┌────────
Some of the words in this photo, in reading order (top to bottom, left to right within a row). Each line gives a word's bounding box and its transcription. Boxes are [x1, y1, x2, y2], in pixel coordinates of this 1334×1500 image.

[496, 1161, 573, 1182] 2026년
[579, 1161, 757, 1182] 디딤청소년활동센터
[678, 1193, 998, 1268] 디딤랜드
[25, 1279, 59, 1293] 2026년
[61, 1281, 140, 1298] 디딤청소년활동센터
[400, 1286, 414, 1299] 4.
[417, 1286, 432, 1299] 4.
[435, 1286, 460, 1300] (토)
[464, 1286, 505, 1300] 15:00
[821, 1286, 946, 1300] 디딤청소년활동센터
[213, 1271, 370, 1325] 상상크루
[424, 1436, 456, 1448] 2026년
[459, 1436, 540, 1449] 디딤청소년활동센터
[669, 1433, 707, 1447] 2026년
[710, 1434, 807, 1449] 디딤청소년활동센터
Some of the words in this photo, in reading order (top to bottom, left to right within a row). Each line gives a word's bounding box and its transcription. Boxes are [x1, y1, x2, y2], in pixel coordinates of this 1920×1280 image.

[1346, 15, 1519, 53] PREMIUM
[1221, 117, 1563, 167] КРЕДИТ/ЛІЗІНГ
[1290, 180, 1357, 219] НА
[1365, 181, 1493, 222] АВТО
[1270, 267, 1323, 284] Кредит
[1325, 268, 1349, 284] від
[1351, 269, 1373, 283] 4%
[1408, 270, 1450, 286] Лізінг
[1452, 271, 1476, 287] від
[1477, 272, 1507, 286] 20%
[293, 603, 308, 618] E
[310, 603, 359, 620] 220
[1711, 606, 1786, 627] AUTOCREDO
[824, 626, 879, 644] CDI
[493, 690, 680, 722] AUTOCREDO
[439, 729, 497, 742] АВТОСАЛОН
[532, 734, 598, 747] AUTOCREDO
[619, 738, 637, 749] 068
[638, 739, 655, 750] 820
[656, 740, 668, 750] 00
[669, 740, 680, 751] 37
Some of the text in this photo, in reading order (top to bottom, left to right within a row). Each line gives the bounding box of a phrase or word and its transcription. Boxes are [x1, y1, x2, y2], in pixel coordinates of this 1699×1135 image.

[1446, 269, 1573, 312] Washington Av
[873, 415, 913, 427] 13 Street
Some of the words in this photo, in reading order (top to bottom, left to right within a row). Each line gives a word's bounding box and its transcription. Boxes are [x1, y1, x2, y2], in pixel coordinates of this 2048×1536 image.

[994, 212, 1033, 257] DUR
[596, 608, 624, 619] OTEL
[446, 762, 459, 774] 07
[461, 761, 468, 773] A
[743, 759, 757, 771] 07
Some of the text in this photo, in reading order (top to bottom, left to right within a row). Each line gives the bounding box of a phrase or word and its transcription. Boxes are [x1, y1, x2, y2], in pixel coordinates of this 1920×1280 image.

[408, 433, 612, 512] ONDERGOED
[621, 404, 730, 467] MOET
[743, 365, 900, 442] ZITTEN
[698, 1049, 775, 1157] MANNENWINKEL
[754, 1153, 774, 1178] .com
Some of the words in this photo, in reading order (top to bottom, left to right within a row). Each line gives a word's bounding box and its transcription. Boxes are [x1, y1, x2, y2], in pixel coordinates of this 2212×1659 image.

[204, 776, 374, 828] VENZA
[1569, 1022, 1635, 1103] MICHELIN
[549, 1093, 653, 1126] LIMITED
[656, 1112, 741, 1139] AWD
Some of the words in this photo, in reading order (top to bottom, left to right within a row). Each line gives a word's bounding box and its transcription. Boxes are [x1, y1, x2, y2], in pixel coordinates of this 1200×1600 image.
└────────
__WHAT TO WORK ON__:
Would you please copy the lines above, from the one holding "this 1699×1135 image." through the last, and nothing else?

__FINISHED EXERCISE__:
Some of the text in this photo, in reading order (top to bottom, left to right within a row). Each line gives the bounding box of a phrase or word and its transcription. Boxes are [x1, y1, x2, y2], in pixel coordinates of this 1699×1135 image.

[1446, 269, 1573, 312] Washington Av
[873, 415, 913, 427] 13 Street
Some of the words in this photo, in reading order (top to bottom, left to right within a row). Each line gives a word's bounding box and its transcription. Boxes are [x1, y1, x2, y2], in pixel coordinates of this 2048×1536 image.

[994, 212, 1033, 257] DUR
[596, 608, 624, 619] OTEL
[446, 762, 459, 774] 07
[461, 761, 468, 773] A
[743, 759, 757, 771] 07
Some of the text in this photo, in reading order (top to bottom, left to right within a row). Each line gives the bounding box of a phrase or word and its transcription. Boxes are [x1, y1, x2, y2], in pixel coordinates of this 1920×1280 image.

[408, 433, 612, 512] ONDERGOED
[621, 404, 730, 467] MOET
[743, 365, 900, 442] ZITTEN
[698, 1049, 775, 1157] MANNENWINKEL
[754, 1153, 774, 1178] .com
Some of the words in this photo, in reading order (top to bottom, left to right within a row). Each line gives a word's bounding box and its transcription. Boxes are [x1, y1, x2, y2], in pixel coordinates of this 2212×1659 image.

[204, 776, 374, 828] VENZA
[1569, 1022, 1635, 1103] MICHELIN
[549, 1093, 653, 1126] LIMITED
[656, 1112, 741, 1139] AWD
Some of the words in this photo, in reading order (top to bottom, left to right within a row). Each line gives a word's bounding box and its transcription. Boxes are [x1, y1, x2, y2], in pixel coordinates of this 1200×1600 image.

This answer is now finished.